I went through both my new vegan cookbooks to see if I'd bookmarked any recipes we hadn't tried yet, but the only ones I found were things like bean burgers and spicy grits, which weren't sufficiently veggie-focused. So I started perusing the rest of the cookbooks on my shelf, and I happened on one by Olwen Woodier with the simple name Apple Cookbook. That reminded me that the current rules of my Recipe of the Month challenge allow for both fruit- and veggie-based recipes, so there was nothing to stop me from choosing an apple-themed dessert for this month.
The one I picked was called Apple Brown Betty. I don't want to infringe on Olwen Woodier's copyright by reproducing the recipe exactly, but the basic idea is simple: thinly sliced apples layered in a pan with a crumble made from bread, sugar, apple-pie spices, and melted butter. Woodier's version also called for a bit of lemon juice in the crumble and some apple juice or cider poured over top before baking. The recipe as written wasn't vegan, but it was easy enough to swap out the butter for our homemade plant butter.

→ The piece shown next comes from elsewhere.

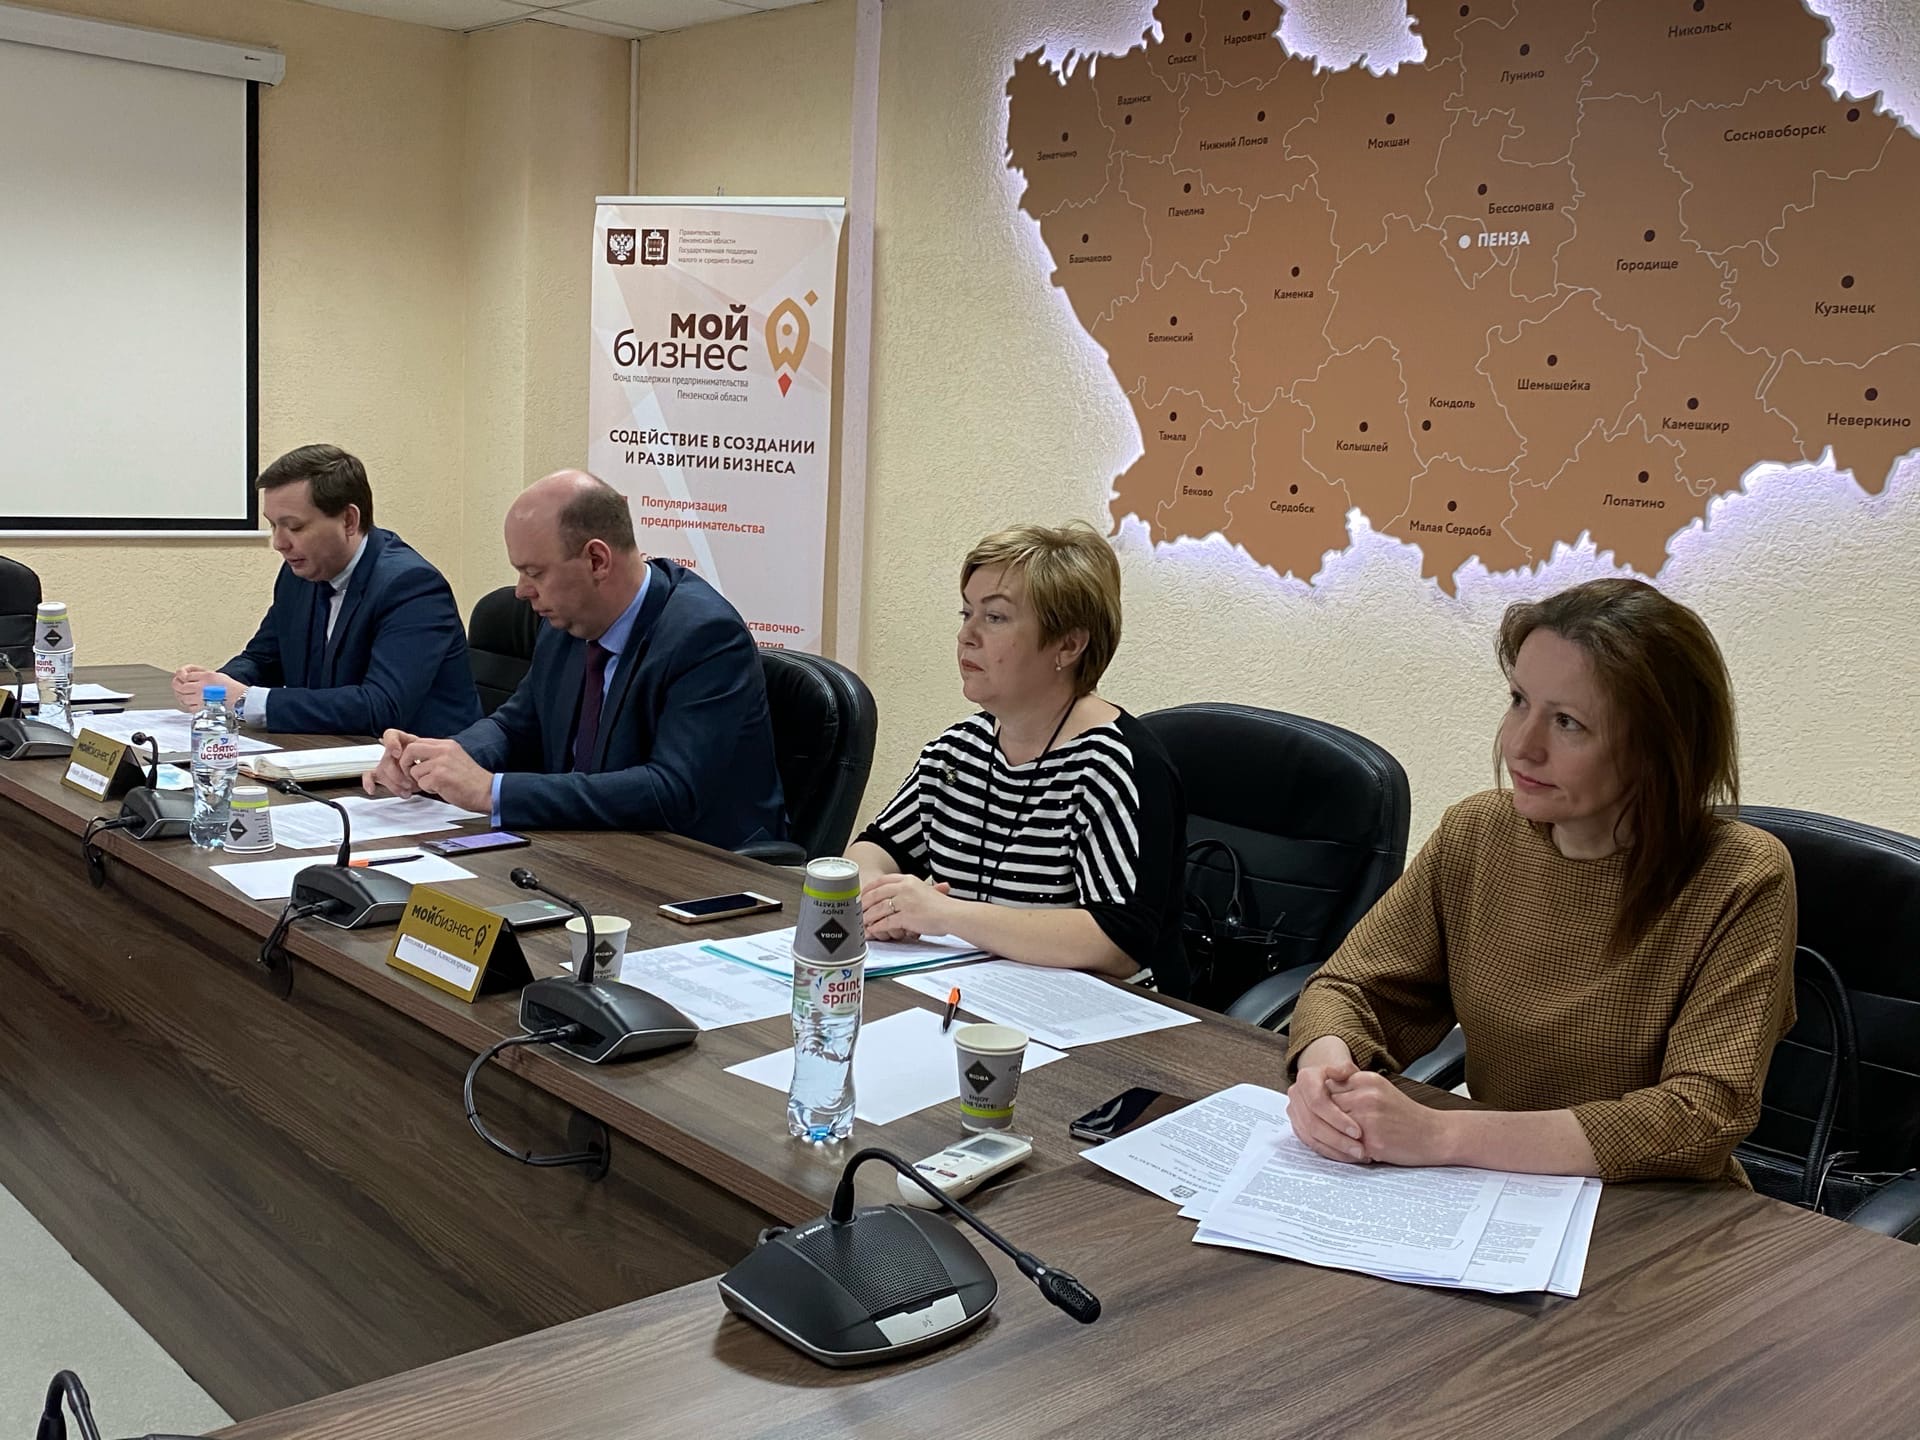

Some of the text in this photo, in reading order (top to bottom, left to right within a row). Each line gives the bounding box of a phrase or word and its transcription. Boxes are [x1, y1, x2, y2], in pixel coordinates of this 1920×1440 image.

With this substitution, we already had most of the necessary ingredients for this dish on hand. The one sticking point was the apple cider. This isn't something we usually have in the fridge, and with the thermometer below freezing and snow coming down, we weren't keen to make a run out to the store for some. But since we were only making a half recipe of the brown Betty, we only needed a couple of tablespoons' worth, so Brian decided to see if he could squeeze that amount out of whole apples. He tried pressing some apple slices in my trusty Aeropress coffee maker, but all it did was squash them slightly. Then he tried grinding up the slices in our little Magic Bullet blender, which reduced them to a pulp but didn't liquefy them. Finally, he ran the pulp through the Aeropress, using the perforated metal filter disk to strain out the sediment, and succeeded in extracting enough juice for the recipe.
The dessert came out of the oven looking very pretty and very wholesome, with its chunks of whole-wheat bread topping over a base of sliced apple. It tasted wholesome, too, with the apple flavor being very much to the fore. However, when I asked Brian how much sugar had gone into it, he said the half-sized recipe used six tablespoons. That means the roughly one-quarter of the dish I ate contained four and a half teaspoons—three-quarters of my recommended daily limit. Oops, maybe not so wholesome.
Brian said we could probably get away with using even less sugar in the topping, as he does with his apple crisp, which usually contains about four tablespoons. But given that the crisp is even easier to make and probably healthier, with its hearty topping of rolled oats, there doesn't seem to be much advantage to making brown Betty instead. So we'll probably save this recipe for occasions when we need to use up a few slices of stale bread and stick to crisp the rest of the time.